Rheumatoid Arthritis Symptoms in Wrists

By Christine Lehman

  • Overview

    Rheumatoid Arthritis Symptoms in Wrists
    Rheumatoid arthritis is an autoimmune disease in which the body's immune system recognizes its own cells as foreign and begins to attack them. This leads to degeneration of the joints and subsequent swelling, stiffness, redness and in some cases joint deformity. Because there are so many small bones in the wrist, the wrist is especially vulnerable to the effects of this disease.
  • Symptoms

    Signs of rheumatoid arthritis in the wrist (in addition to the pain, stiffness and swelling) include the presence of a lump on the back of the hand that moves with the tendons, a creaking sound when the hand opens and closes, tingling in the fingers (caused by nerve compression), and weakness or instability in the wrist.

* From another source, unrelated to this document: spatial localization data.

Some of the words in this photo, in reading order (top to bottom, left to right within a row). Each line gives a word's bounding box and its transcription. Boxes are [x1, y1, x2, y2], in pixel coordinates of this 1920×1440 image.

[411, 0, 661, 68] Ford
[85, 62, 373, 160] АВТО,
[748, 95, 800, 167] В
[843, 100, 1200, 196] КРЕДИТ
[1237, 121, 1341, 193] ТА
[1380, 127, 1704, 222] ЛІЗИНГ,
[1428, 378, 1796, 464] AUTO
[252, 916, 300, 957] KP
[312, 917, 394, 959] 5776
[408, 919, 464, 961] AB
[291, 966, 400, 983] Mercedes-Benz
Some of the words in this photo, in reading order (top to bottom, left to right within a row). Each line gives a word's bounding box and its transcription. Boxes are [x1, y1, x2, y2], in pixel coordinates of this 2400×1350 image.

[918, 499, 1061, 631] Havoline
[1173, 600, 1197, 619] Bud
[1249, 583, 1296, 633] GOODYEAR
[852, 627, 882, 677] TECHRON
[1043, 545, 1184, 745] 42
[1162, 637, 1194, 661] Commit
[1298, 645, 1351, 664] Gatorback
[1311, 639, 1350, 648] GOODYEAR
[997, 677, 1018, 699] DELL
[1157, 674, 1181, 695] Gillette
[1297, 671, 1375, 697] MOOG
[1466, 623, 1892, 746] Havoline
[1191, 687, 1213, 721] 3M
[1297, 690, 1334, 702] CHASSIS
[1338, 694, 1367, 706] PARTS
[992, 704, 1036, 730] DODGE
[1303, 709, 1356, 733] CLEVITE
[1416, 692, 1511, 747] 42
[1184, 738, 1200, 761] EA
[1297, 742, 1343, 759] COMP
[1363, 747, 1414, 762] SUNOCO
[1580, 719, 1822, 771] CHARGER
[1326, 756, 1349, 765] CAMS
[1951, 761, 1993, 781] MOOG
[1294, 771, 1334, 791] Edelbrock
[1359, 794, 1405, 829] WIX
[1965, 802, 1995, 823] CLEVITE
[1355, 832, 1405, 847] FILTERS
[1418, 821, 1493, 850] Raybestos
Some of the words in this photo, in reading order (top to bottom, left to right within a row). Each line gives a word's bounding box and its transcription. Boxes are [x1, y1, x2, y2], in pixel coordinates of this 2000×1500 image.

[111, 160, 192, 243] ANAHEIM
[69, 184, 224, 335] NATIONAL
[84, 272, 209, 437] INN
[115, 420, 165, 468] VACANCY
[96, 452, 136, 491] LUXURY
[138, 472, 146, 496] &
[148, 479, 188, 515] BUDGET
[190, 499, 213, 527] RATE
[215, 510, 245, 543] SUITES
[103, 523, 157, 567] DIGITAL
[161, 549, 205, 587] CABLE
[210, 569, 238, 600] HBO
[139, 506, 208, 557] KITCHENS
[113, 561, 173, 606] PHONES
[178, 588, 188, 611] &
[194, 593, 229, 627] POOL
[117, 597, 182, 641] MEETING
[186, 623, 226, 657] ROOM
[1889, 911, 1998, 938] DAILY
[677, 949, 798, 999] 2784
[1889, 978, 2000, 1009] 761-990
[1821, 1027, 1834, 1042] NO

Patients may also suffer from limited motion due to the inflammation.
  • Effects

    Rheumatoid arthritis in the wrist can also begin to affect the knuckle joints, causing them to become swollen and painful too. Because rheumatoid arthritis is a systemic disease (rather than anything caused by an injury), both wrists are likely be affected symmetrically. The swelling in the wrist bones can also cause the nerve that runs through the wrist and up the arm to swell and cause carpal tunnel syndrome.


  • Treatment

    People with rheumatoid arthritis in their wrists can find relief in heat applications, anti-inflammatory drugs, cortisone injections, and wrist splints. Rheumatoid arthritis sufferers can also modify their lifestyle to include fewer motions and less lifting, which can lessen the pain over time.
  • Considerations

    Surgery can also be an option for people suffering from rheumatoid arthritis in their wrists. Wrist bones can be fused together, which limits the motion of the joint. It is also possible to remove some of the smaller bones in the wrist, which preserves the motion. Wrist replacement surgeries, using metal or plastic parts, are also becoming more common but are still relatively new and not very predictable.
  • Additional side effects

    Along with the bones in the wrist being affected, the connective tissue within the wrist can also be impacted by rheumatoid arthritis. When tendons are no longer able to stabilize the wrist, the wrist may become twisted and malformed.